Her eyes sparkled, and as she straightened her back I noticed again how tall she was, unusually tall for a girl her age, and thin as a sapling tree. She smiled, very slightly, white teeth gleaming briefly behind wide red lips. "I don't know if there's enough time."
"Of course there is. There's always time for what we love to do. Stay here until you see me cross the street over there, then follow me into the basilica. It won't take long for you to show me how you throw."

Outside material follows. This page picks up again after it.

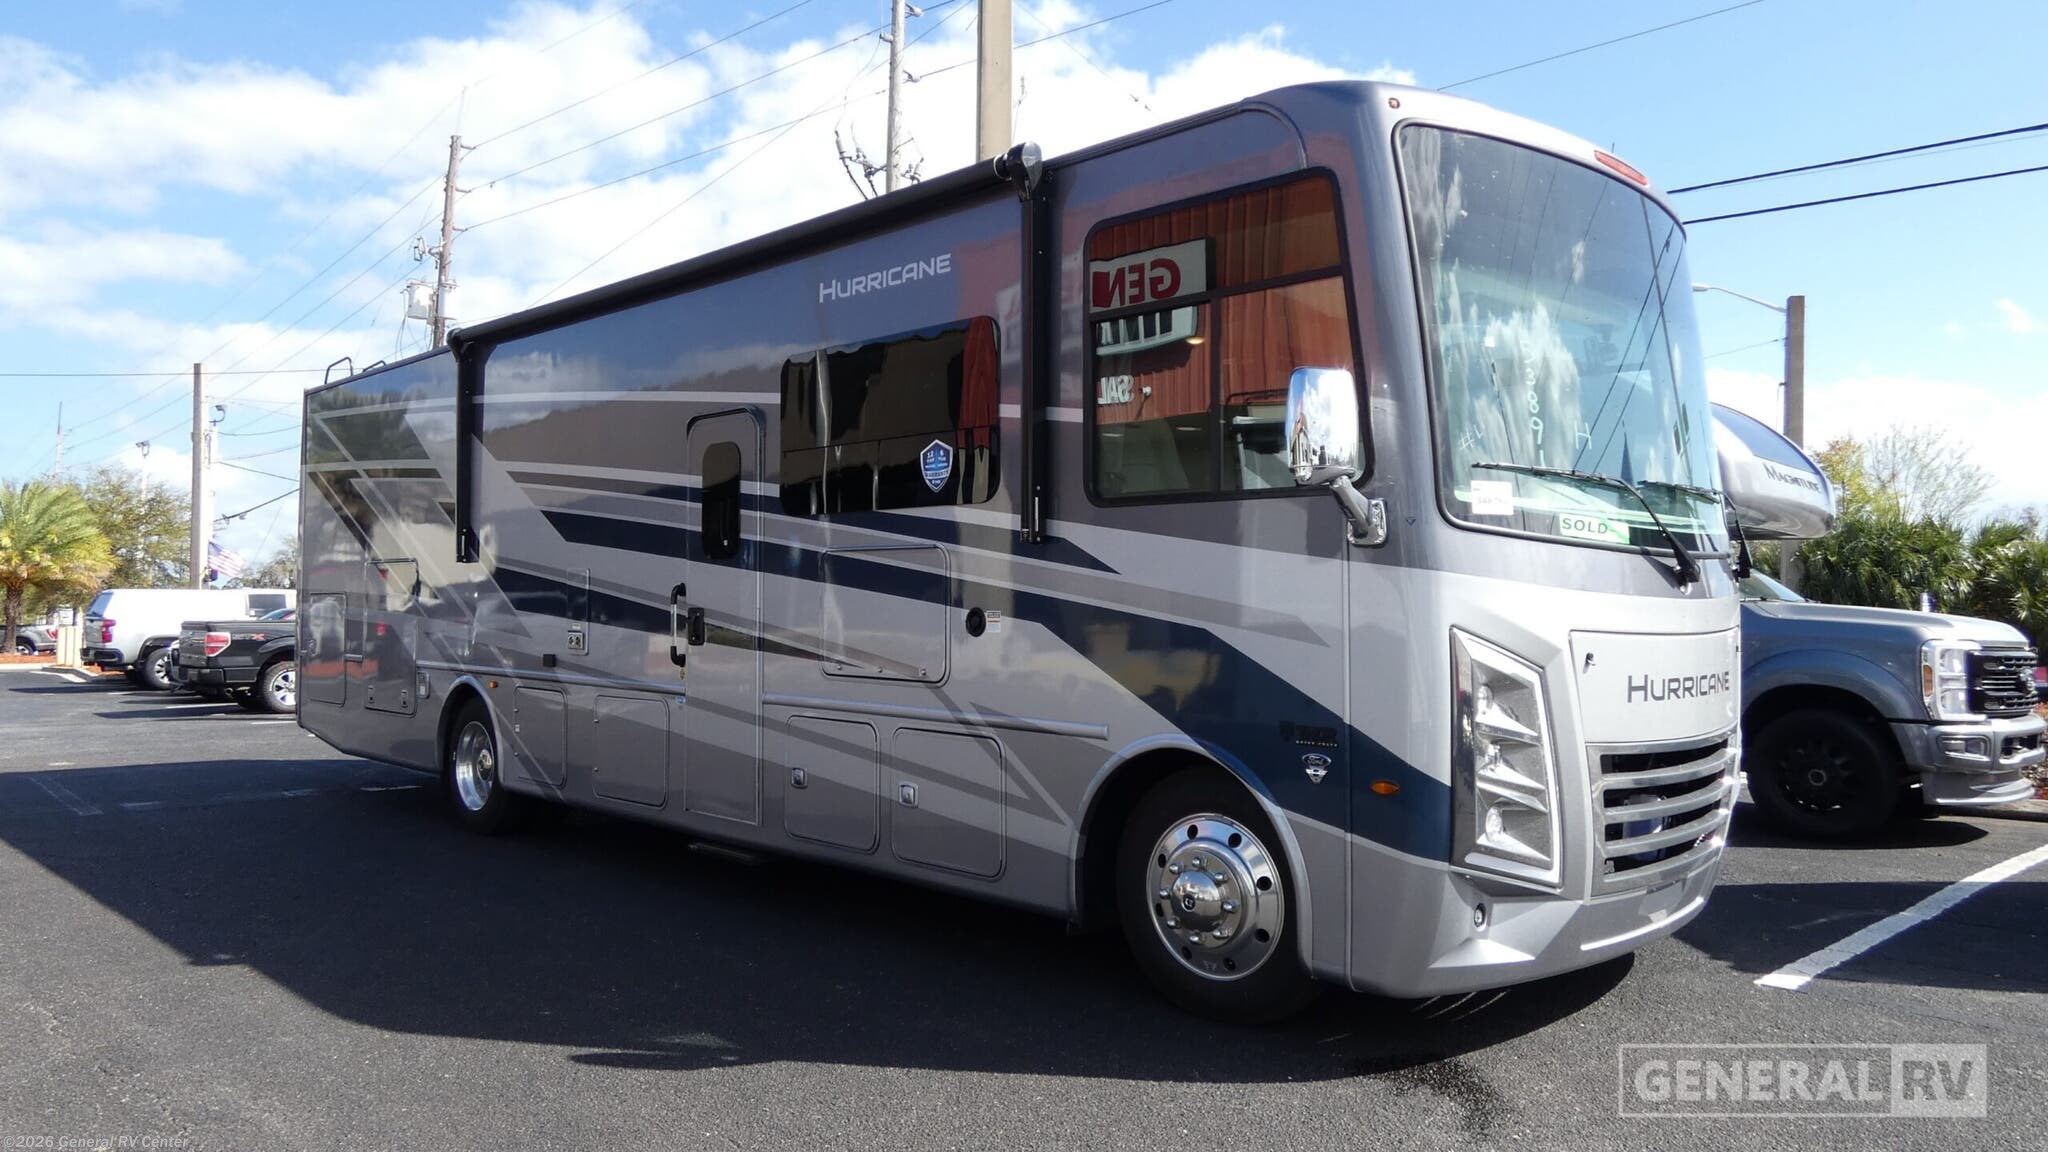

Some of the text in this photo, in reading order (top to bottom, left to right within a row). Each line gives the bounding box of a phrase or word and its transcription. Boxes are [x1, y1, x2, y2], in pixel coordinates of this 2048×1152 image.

[819, 252, 952, 303] HURRICANE
[1562, 517, 1608, 534] SOLD
[1627, 671, 1730, 703] HURRICANE

I had been right the first time I saw her. She threw naturally and without thought, uncoiling into the cast reflexively and following through perfectly simply because she had that kind of grace in her normal range of motion. She threw three spears, and two of them hit their targets. I was full of praise and I could see she was delighted with her own prowess. But she never lost sight of the fact that she ought to be sitting outside the bishop's house, waiting for the Lady Demea, and so I thanked her for her demonstration and allowed her to go on her way. She flashed me a dazzling smile and darted away like a deer towards the door, where she hesitated and looked back at me, lingering.
"What? Say it."
"Where did you learn to throw spears like that?"
I shrugged and grinned at her. "Like what?" I was being facetious, but she took me seriously.
"Like magic, the way you do, with the cord wrapped around the shaft. I've never seen that here."
"No, you wouldn't, not in Britain. I learned to do it in Gaul, across the sea."
"I've never seen anyone who throws better than you. I have never seen spears like those, either."
"That's because there are none. These spears have no equal."
"I shall call you Hastatus," she said then, sounding very grown up and sure of herself. "It means a spearman. Do you mind having a new name?"
"No," I said, smiling again. "Not at all. Not if it is bestowed by someone as skilled and gracious as you are, Lady Maia."
A flicker of something that might have been annoyance crossed her face, and I thought I had offended her with my levity, but then she nodded. "So be it, then. You shall be my Hastatus. And I'm glad you don't like Cynthia. I don't either, but most people simply can't see beyond her face." She flicked a hand in farewell and was gone.